Sem qualquer inscrição no colégio ou qualquer sinal do paradeiro da criança, o magistrado do Ministério Público e o juiz, a quem foi atribuído o caso, chamaram novamente os pais da criança. Corria, entretanto, o ano de 2012, Paula e Horácio reiteraram que o filho não vivia apenas com eles, passando temporadas em casa da madrinha e da família paterna, onde se encontravam as irmãs. Estranhamente, diziam não saber qual a escola onde o filho estava inscrito.
O casal arrolou, então, como testemunhas, a mãe de Paula e a tal madrinha. Estas mantiveram a versão da história, dando conta da existência da criança. No entanto, segundo elas, o pequeno Luís viveria agora em Espanha em casa de uns tios paternos. Só mais tarde acabaram por confessar que, afinal, a criança nunca tinha existido.
A mãe de Paula e a alegada madrinha de Luís acabaram acusadas de um crime de falsidade de testemunho. Enquanto Paula e Horácio viriam a ser acusados, já em março deste ano, de um crime de burla tributária e um crime de falsificação agravada de documento.

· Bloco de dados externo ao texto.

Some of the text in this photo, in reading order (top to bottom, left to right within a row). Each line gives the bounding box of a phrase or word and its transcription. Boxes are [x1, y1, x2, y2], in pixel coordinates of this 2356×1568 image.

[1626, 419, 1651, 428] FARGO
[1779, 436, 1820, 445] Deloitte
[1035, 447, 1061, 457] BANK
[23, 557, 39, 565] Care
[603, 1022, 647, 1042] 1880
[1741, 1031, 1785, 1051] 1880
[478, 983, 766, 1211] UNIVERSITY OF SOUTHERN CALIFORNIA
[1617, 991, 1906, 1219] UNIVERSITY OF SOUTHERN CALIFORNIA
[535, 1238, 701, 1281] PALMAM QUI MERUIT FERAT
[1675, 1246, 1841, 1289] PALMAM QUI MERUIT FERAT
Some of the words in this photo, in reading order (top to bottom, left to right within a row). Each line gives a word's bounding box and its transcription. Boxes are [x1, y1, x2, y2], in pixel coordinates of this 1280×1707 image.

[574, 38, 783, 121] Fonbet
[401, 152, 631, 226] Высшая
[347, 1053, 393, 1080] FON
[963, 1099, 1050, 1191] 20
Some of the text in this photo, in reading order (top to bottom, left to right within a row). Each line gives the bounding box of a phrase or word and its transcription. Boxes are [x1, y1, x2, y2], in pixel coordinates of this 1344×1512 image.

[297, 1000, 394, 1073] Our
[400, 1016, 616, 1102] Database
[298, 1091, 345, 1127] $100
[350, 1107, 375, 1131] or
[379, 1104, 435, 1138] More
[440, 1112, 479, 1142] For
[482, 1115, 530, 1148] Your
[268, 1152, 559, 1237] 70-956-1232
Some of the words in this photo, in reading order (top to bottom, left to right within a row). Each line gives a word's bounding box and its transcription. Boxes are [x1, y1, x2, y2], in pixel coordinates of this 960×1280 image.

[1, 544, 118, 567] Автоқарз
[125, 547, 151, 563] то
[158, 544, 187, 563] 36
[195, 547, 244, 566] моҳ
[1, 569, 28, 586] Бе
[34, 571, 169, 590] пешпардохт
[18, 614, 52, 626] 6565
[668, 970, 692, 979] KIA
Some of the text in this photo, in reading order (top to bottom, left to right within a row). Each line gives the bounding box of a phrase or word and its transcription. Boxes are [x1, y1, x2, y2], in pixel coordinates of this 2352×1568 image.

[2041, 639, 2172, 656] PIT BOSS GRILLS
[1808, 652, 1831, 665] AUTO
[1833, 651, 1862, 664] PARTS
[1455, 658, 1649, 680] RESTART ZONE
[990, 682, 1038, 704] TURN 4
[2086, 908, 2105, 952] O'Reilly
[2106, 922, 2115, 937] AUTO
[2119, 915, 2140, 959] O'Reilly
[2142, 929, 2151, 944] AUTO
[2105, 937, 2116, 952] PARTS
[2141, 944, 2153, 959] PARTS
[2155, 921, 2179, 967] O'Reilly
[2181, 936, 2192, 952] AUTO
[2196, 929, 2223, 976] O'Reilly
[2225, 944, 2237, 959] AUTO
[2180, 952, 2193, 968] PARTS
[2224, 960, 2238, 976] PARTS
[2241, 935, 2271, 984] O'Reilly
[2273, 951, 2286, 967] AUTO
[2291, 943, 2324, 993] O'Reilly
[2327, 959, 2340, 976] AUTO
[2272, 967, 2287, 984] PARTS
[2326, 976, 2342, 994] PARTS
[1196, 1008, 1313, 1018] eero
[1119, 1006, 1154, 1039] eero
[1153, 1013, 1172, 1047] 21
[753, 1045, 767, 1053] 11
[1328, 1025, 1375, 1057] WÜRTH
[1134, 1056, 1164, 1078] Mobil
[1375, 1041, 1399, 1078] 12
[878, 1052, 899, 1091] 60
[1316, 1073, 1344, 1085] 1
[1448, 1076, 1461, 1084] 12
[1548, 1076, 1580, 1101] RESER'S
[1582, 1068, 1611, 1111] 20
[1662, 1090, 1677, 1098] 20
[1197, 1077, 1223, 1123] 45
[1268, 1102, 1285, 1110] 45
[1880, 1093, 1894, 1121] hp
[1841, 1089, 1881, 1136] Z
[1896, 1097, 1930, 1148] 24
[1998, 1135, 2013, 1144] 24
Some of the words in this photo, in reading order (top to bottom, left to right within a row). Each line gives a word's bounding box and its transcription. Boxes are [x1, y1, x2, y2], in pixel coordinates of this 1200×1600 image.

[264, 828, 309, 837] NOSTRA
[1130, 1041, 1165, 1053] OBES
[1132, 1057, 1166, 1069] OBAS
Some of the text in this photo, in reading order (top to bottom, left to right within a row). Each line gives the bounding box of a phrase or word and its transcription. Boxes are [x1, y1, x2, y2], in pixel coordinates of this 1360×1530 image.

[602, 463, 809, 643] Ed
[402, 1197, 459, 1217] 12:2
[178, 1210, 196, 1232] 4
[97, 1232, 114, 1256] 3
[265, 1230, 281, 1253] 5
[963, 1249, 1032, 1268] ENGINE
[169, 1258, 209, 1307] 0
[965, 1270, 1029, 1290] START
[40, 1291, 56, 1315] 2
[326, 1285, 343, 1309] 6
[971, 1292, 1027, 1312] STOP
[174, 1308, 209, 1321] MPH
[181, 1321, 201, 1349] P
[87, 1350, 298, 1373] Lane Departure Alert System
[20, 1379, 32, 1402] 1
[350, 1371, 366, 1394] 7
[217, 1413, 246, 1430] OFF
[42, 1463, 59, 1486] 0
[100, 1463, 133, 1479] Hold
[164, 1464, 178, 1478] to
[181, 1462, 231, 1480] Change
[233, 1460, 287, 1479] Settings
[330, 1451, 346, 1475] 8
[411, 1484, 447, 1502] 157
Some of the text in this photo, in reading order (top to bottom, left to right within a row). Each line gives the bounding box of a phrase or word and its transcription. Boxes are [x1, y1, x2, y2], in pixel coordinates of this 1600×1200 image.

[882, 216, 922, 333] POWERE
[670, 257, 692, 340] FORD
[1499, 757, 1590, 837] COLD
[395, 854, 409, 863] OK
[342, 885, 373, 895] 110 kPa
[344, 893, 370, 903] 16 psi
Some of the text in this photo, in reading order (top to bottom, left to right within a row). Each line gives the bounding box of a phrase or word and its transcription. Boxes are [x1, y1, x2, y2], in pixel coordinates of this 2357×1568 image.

Paula e Horácio foram entretanto detidos por suspeitas de tráfico de droga, no âmbito de outros processos. Ele foi condenado e está neste momento a cumprir pena de cadeia. Foi lá que foi notificado deste novo processo. Ela foi detida em 2013 e condenada a uma pena suspensa. Os dois aguardam o julgamento deste caso.
Luís só deixou de existir em novembro de 2015, dez anos depois de ter nascido apenas no papel, no âmbito de um processo de justificação administrativa instaurado por iniciativa do Ministério Público, com fundamento na sua falsidade.